Task to complete
Nothing but the lines from the one that contains "Some of the text" through the end of the listing should appear, set down exactly.

Task data
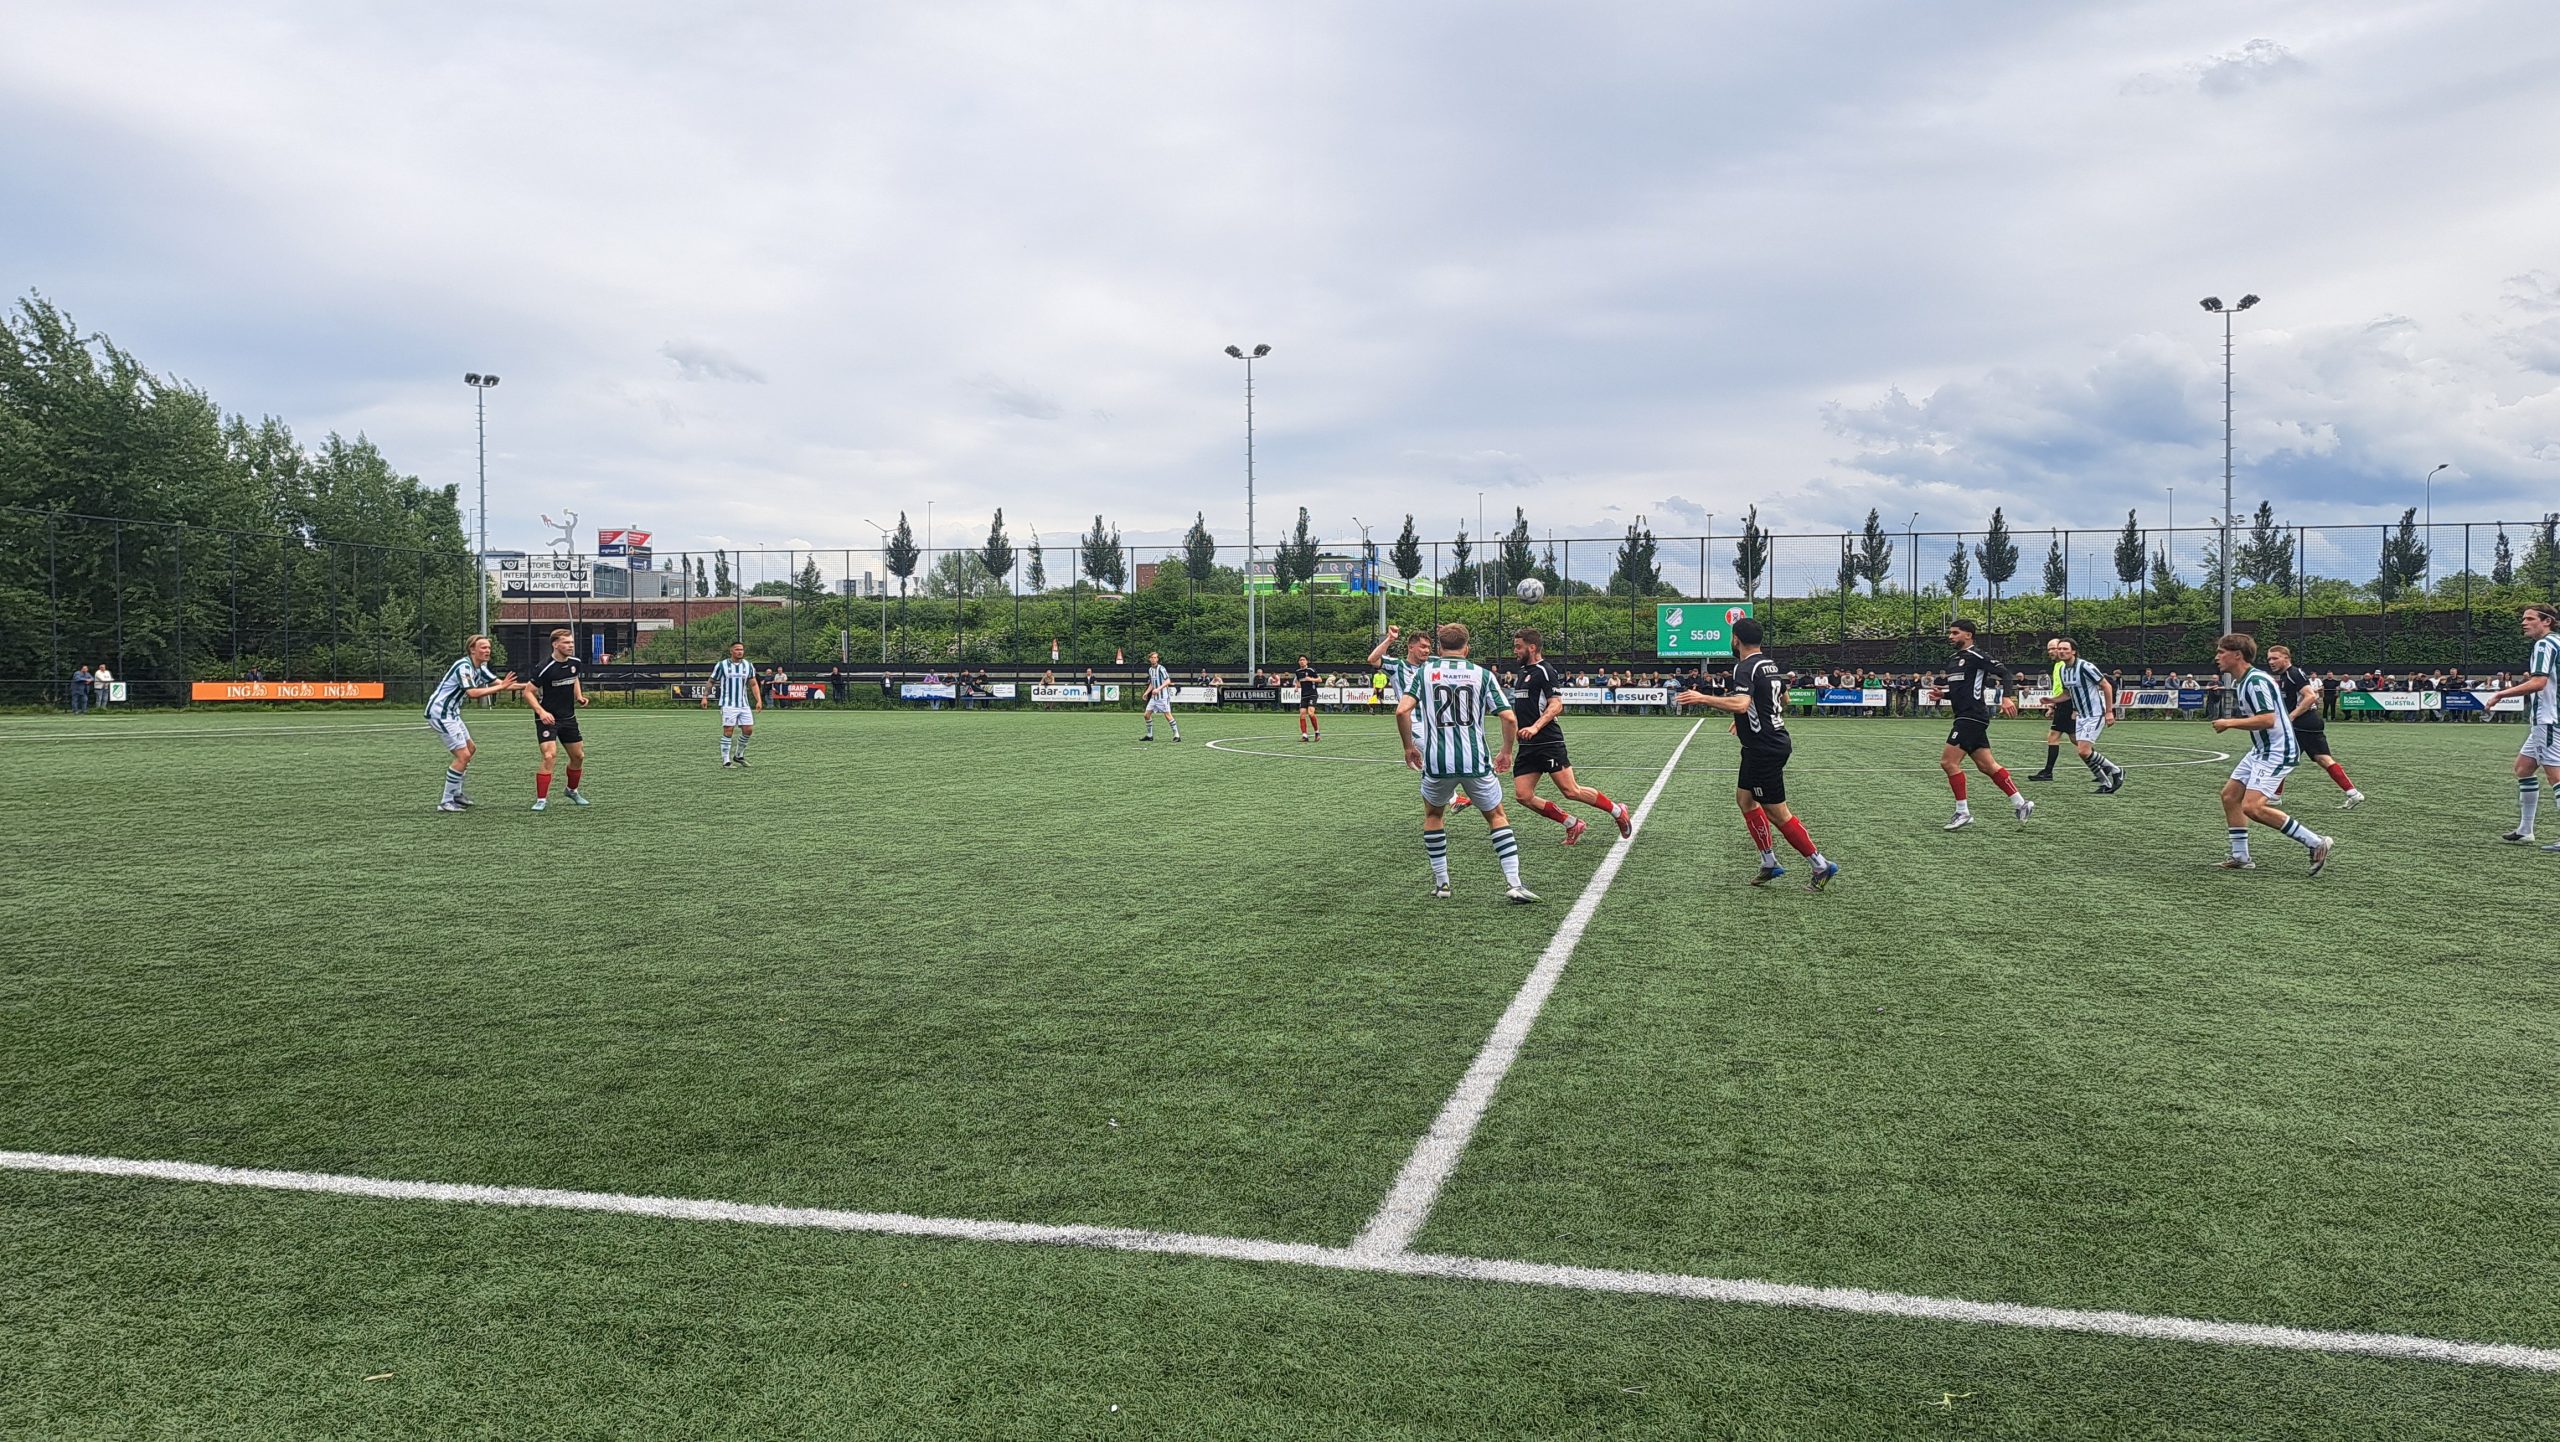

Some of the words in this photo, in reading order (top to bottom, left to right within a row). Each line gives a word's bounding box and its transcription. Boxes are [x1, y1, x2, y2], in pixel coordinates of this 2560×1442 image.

[1690, 630, 1721, 641] 55:09
[1668, 635, 1678, 648] 2
[227, 686, 251, 697] ING
[277, 686, 300, 697] ING
[323, 685, 346, 697] ING
[691, 686, 717, 695] SEDC
[1032, 687, 1089, 696] daar-om.n
[1604, 691, 1664, 701] Bessure?
[2120, 691, 2134, 705] IB
[2138, 694, 2169, 705] NOORD
[1434, 685, 1475, 728] 20
[1548, 759, 1555, 768] 7
[2257, 768, 2265, 777] 15
[1753, 786, 1764, 797] 10
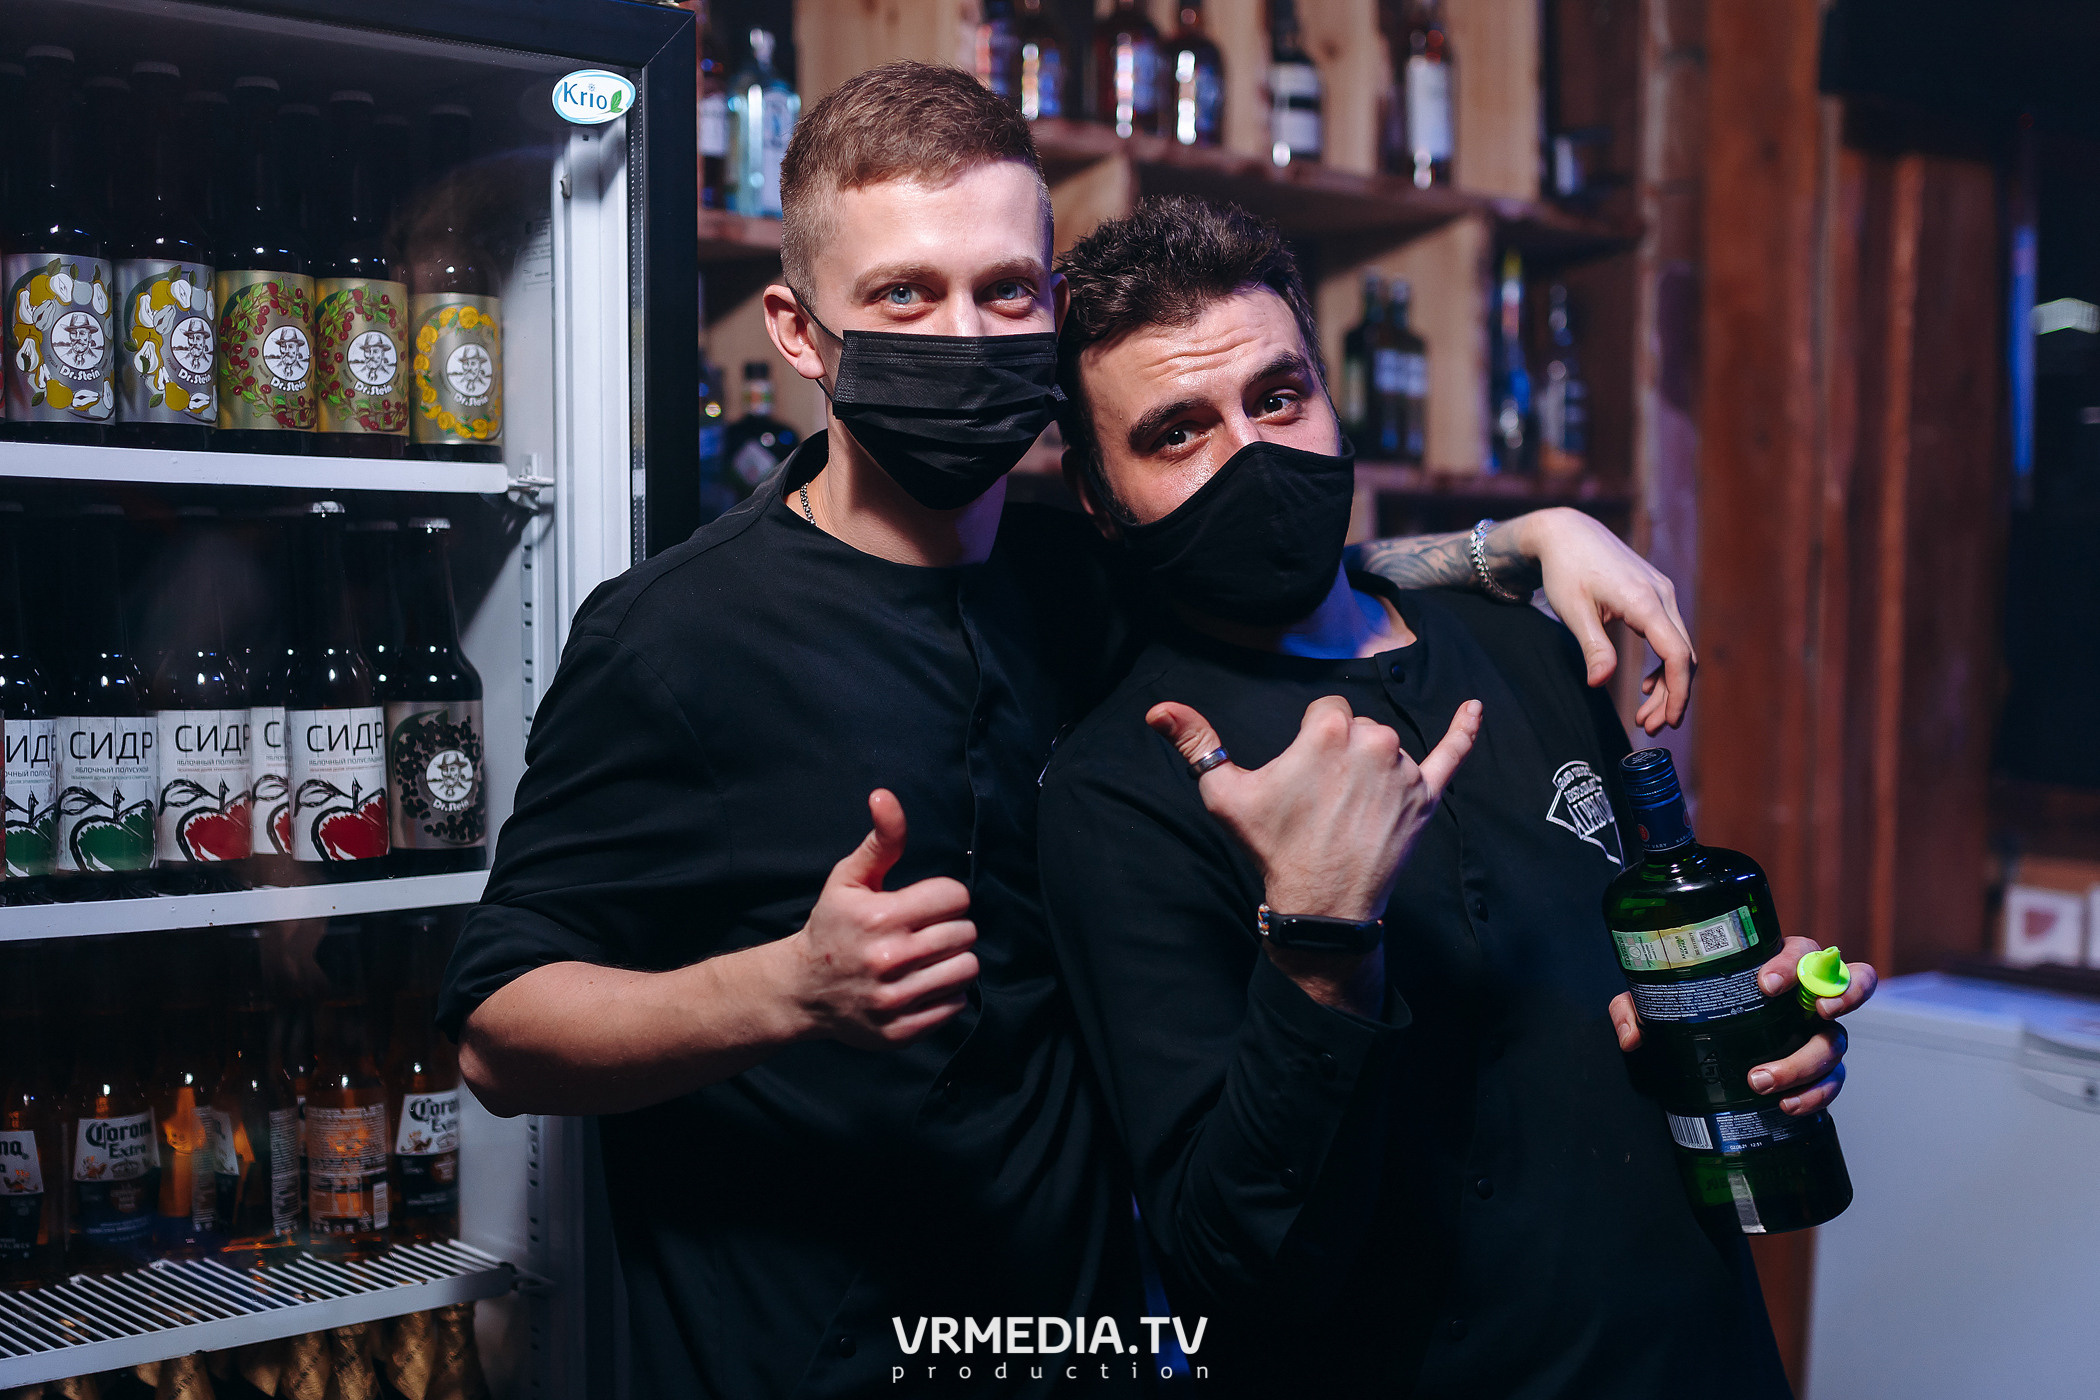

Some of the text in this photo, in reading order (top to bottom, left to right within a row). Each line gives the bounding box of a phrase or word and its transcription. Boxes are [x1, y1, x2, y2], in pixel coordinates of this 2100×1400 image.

[563, 82, 608, 110] Krio
[59, 364, 101, 381] Dr.Stein
[177, 368, 212, 384] Dr.Stein
[270, 376, 307, 392] Dr.Stein
[354, 380, 393, 396] Dr.Stein
[69, 731, 153, 765] СИДР
[175, 724, 249, 757] СИДР
[306, 722, 383, 756] СИДР
[6, 735, 56, 768] ИДР
[432, 798, 470, 812] Dr.Stein

Answer box
Some of the text in this photo, in reading order (top to bottom, left to right within a row). Each line gives the bounding box of a phrase or word and its transcription. Boxes are [x1, y1, x2, y2], in pixel coordinates of this 2100×1400 image.

[563, 82, 608, 110] Krio
[59, 364, 101, 381] Dr.Stein
[177, 368, 212, 384] Dr.Stein
[270, 376, 307, 392] Dr.Stein
[354, 380, 393, 396] Dr.Stein
[69, 731, 153, 765] СИДР
[175, 724, 249, 757] СИДР
[306, 722, 383, 756] СИДР
[6, 735, 56, 768] ИДР
[432, 798, 470, 812] Dr.Stein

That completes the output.